A tale of two smartphone apps

This post was written on May 10th 2020.

This month's T-SQL Tuesday is hosted by Glenn Berry (b|t). Glenn's invitation was “to write about what you have been doing as a response to COVID-19”, and it feels like my answer should be this: not much. I've stayed home; I've reduced our grocery shopping to once every 7-10 days; I've kept 2m (6ft) away from people outside the house, while maintaining closer virtual contact with family and friends.

As the situation developed in the UK we put cards with our contact details in our neighbours' letterboxes, in case they needed anything (they haven't). I signed up as an NHS Volunteer Responder, which has required me to do… absolutely nothing. In this post I look at the volunteer scheme's GoodSAM smartphone app to see if that could explain why, then talk about an app intended to support COVID-19 contact tracing.

I'm ready!... and waiting.

The NHS Volunteer Responder programme was launched on March 24th 2020 by UK Health Secretary Matt Hancock. The intention of recruiting volunteers was to reduce pressure on the National Health Service (NHS) by delegating “simple but vital tasks”. These could be delivering medicines to patients unable to leave their homes, doing their shopping, or just giving them a phone call to reduce their social isolation.

I was among 750 000 people to sign up and download the GoodSAM smartphone app in the five days following the launch. In the app (screenshot on the right), users declare themselves “on duty” in order to receive notifications of allocated tasks. At the time of writing I've received precisely zero notifications, despite (by the app's calculation) 127 hours on duty. So what's going wrong?

At this year's virtual GitHub Satellite conference I watched a panel session on the subject of Open source for good – COVID-19 pandemic responses (3h55m in if you want to check it out). One of the panellists, Linda Raftree (b|t) described three questions we should be asking ourselves when bringing technology to bear in a crisis:

  1. Does it solve a real problem? Have we understood the problem? Is it a problem that technology can solve? Is the technology appropriate?
  2. Does it link to the wider ecosystem? Not just the question of technical interoperability, but how does the technology sit within the health, social, economic and legal contexts? Does it build on what already exists?
  3. Is there potential for harm? Other than us, who's bearing the risk? What are the longer-term implications of a short-term fix?

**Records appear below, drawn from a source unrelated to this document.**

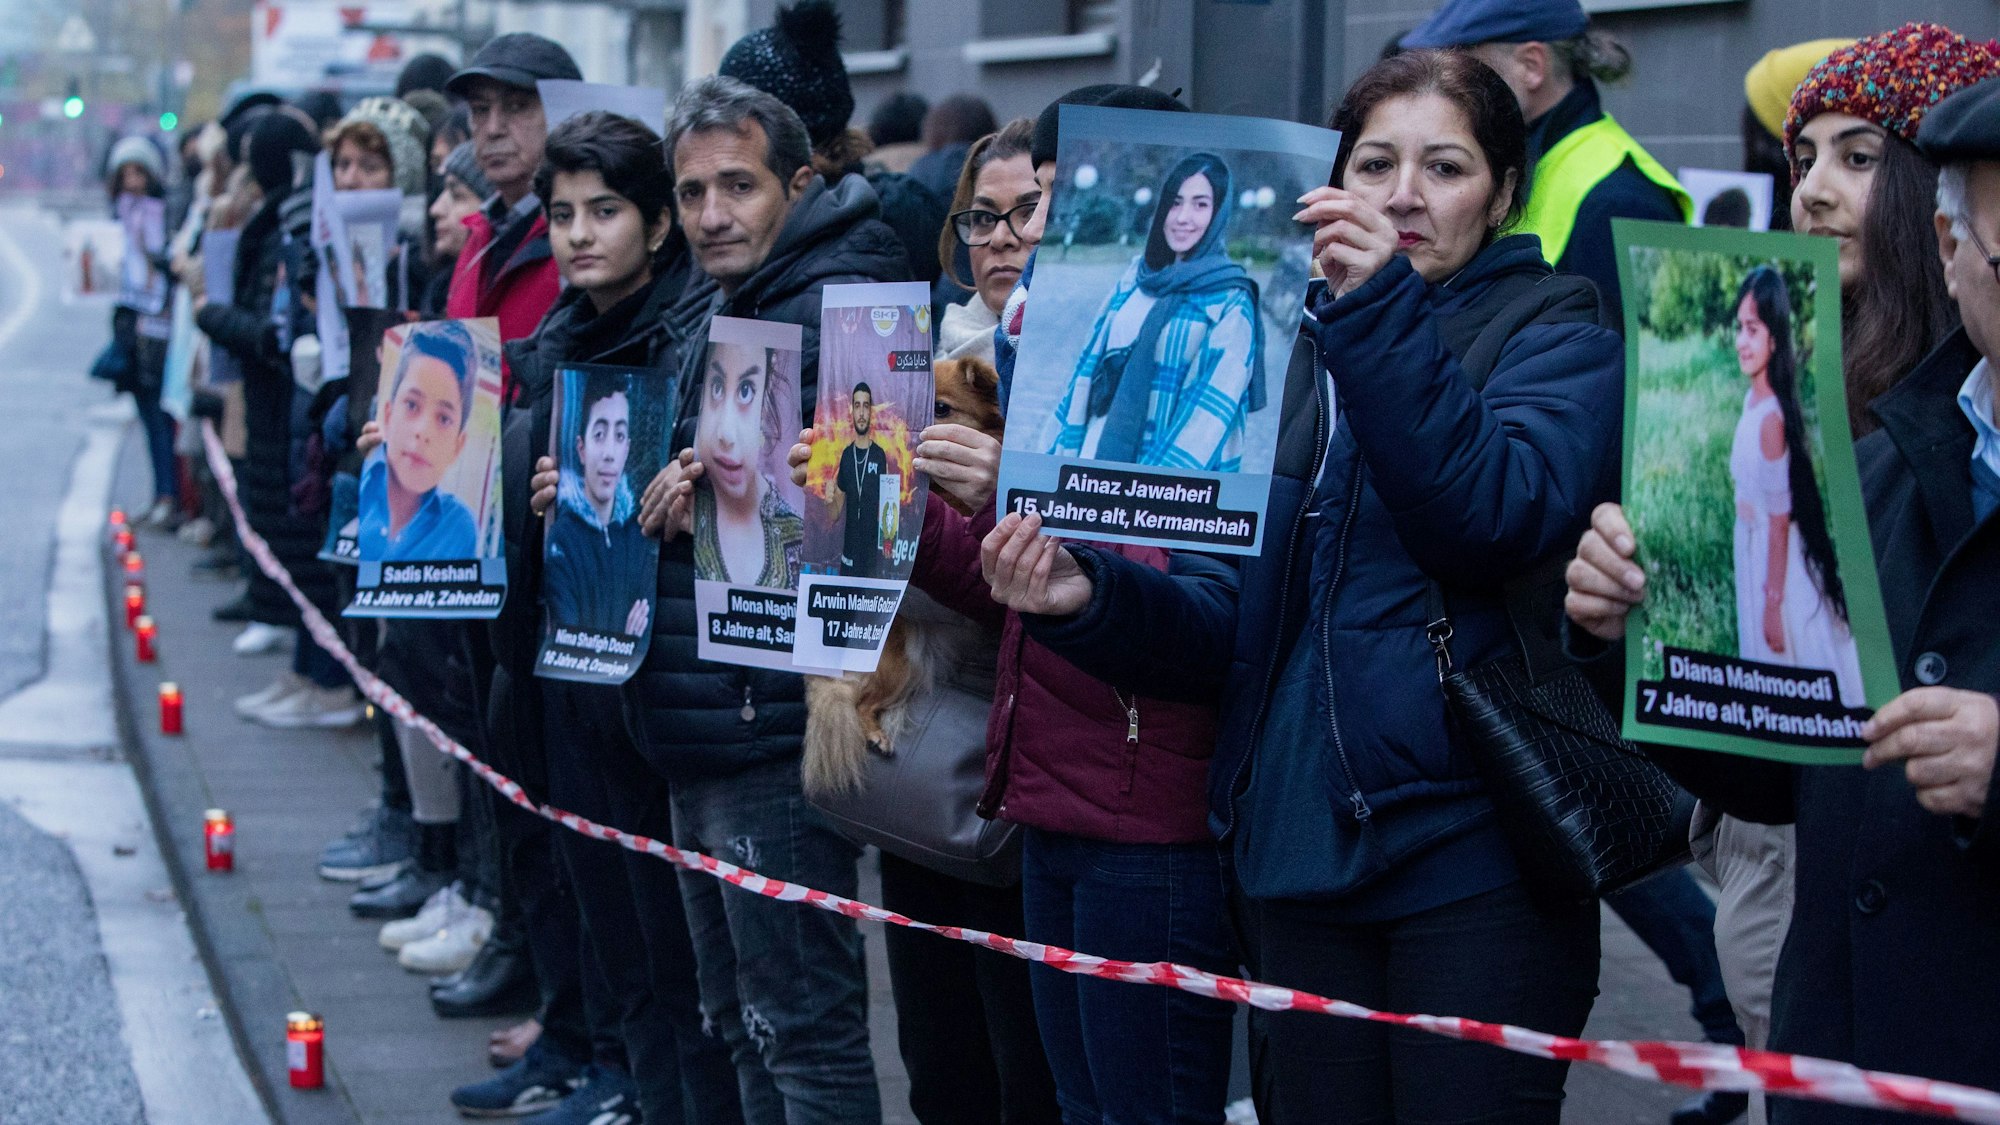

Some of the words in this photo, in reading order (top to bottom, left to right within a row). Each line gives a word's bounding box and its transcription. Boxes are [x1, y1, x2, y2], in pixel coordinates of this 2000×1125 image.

[873, 310, 897, 320] SKF
[1065, 473, 1120, 496] Ainaz
[1124, 479, 1212, 504] Jawaheri
[1013, 497, 1037, 515] 15
[1040, 500, 1098, 522] Jahre
[1100, 507, 1130, 529] alt,
[1133, 509, 1250, 537] Kermanshah
[384, 566, 422, 583] Sadis
[423, 564, 478, 582] Keshani
[354, 591, 373, 606] 14
[373, 591, 412, 606] Jahre
[414, 592, 436, 608] alt,
[437, 590, 499, 606] Zahedan
[731, 595, 763, 614] Mona
[812, 591, 846, 610] Arwin
[712, 619, 720, 635] 8
[722, 620, 755, 640] Jahre
[756, 625, 774, 644] alt,
[827, 620, 840, 637] 17
[842, 621, 863, 638] Jahre
[608, 637, 635, 656] Doost
[553, 652, 578, 668] Jahre
[1670, 655, 1725, 686] Diana
[1726, 664, 1834, 701] Mahmoodi
[1642, 688, 1658, 713] 7
[1660, 692, 1718, 722] Jahre
[1720, 701, 1750, 730] alt,
[1751, 704, 1865, 738] Piranshah

This got me reflecting on the use of GoodSAM to manage NHS Volunteer Responders.

The GoodSAM app predates COVID by five years. Its original purpose was to notify off-duty healthcare professionals of nearby cardiac arrests, to improve survival by getting clinicians to patients even before emergency services arrive. The idea of “crowdsourced resuscitation” was rolled out to crowdsource NHS Responder Volunteers. So…

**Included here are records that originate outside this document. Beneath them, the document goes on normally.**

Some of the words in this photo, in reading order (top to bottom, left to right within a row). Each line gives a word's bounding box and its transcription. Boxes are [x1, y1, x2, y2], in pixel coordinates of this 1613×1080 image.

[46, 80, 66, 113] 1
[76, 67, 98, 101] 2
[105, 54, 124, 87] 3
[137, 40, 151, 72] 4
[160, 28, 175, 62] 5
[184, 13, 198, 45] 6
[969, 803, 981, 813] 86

While the choice of app makes good use of an existing resource, my answers suggest it may not be the best fit for this scenario – and perhaps that contributes to my experience and that of other volunteers.

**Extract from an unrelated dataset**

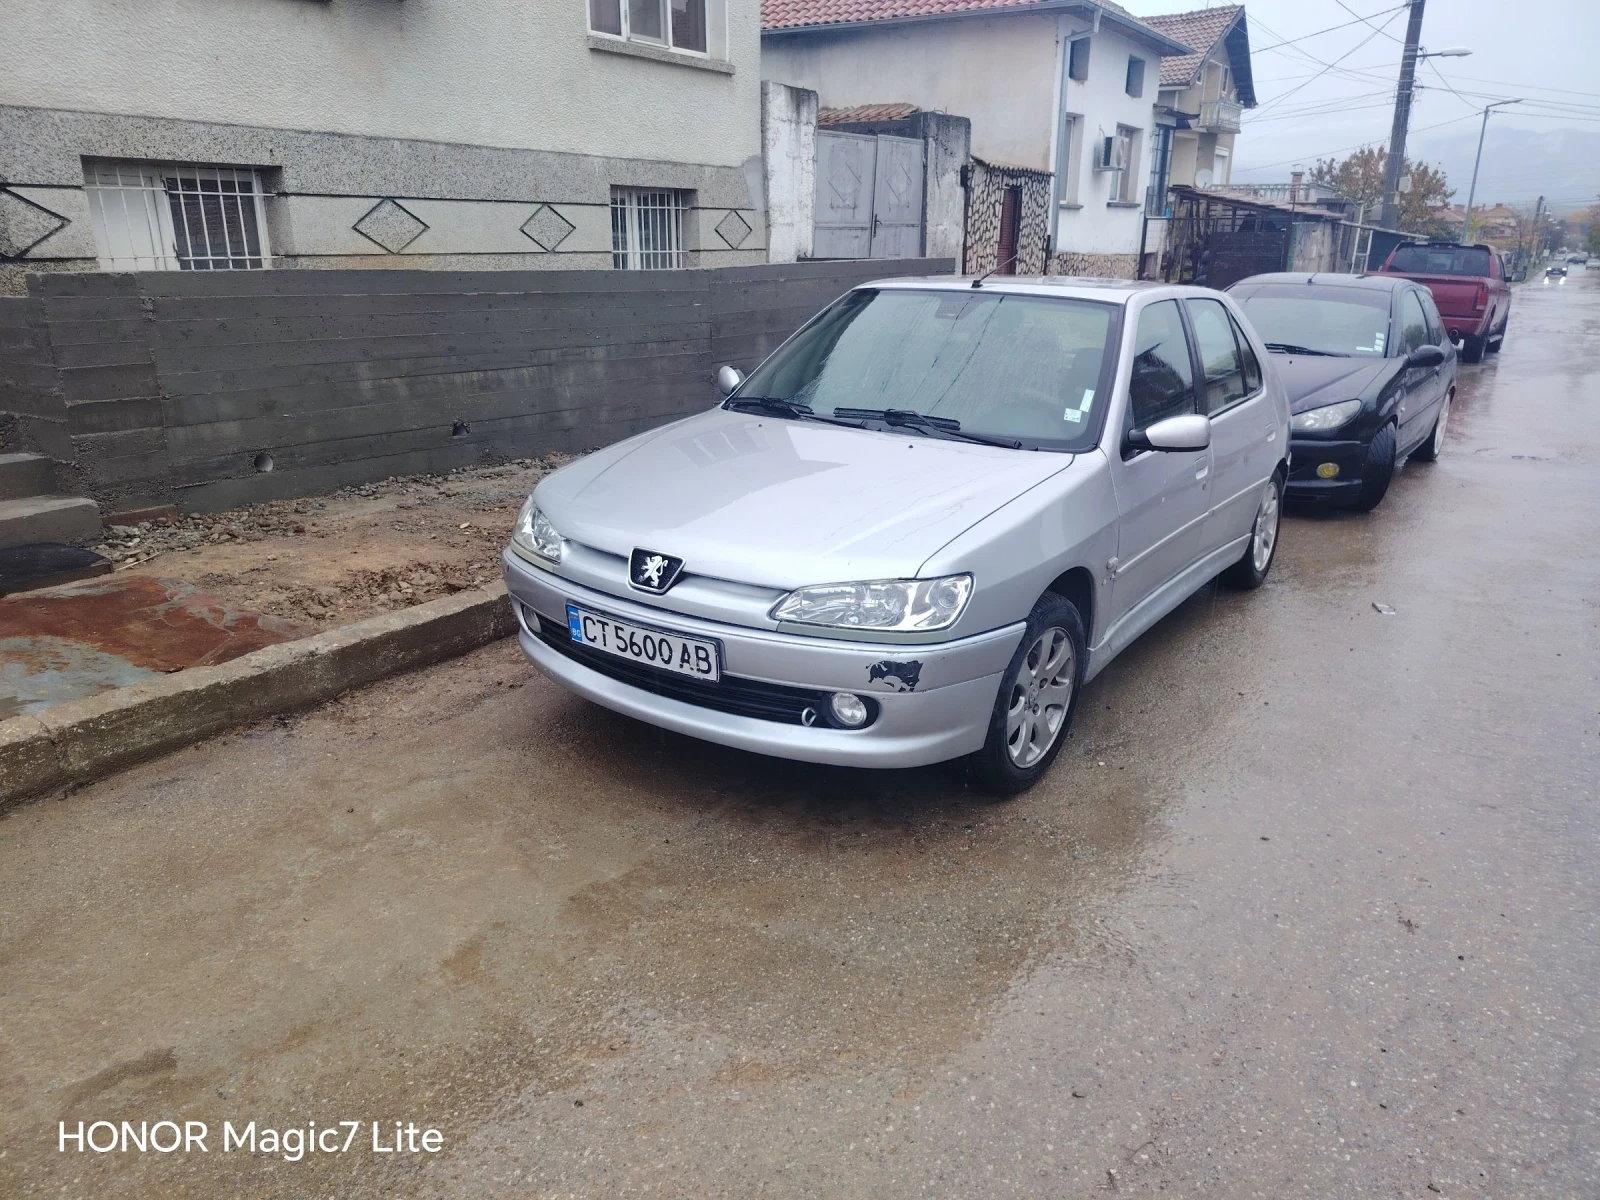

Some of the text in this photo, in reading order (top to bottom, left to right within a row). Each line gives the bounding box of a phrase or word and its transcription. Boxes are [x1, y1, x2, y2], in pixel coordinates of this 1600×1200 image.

[572, 628, 581, 637] BG
[583, 616, 712, 675] CT 5600 AB

Another piece of COVID-related smartphone software making regular appearances in UK news is the proposed NHS COVID-19 app, currently in development by NHSX (the technology arm of the NHS). Contact tracing is expected to become an important part of slowing the spread of COVID as movement restrictions are eased, and the new app is intended to automate much of the process. Those questions again:

  • Does it solve a real problem? The problem is real enough, but the app can't solve it on its own. Bluetooth proximity sensing can be error-prone, and smartphones are an imperfect proxy for human contact detection – my phone might be “near” my neighbour's, even though there's a wall between us. On April 23rd the UK government announced its intention to recruit 18 000 “contact tracing agents” to work alongside the app.
  • Does it link to the wider ecosystem? The app has been criticised for a centralised model that is less protective of users' privacy than an alternative developed by Apple and Google, and which may not be legal. Latest reports at the time of writing suggest that the UK government could be considering a change of approach.
  • Is there potential for harm? The question of legality alone suggests potential for harm, indeed numerous UK academics have expressed concern that contact tracing apps create disturbing precedents for state surveillance and risk mission creep.

In this case too it seems that these questions have yet to be answered fully.

As technologists we're fascinated by solving engineering problems, but sometimes we're less good at working out how – or if – a human problem can be mitigated with a technological solution. When you have a hammer (or in this case a smartphone app), suddenly everything looks like a nail.

The thing I love about these simple questions is that they seem to have no easy answers – so they're probably great questions! I'll be posing them to myself a lot more in the future.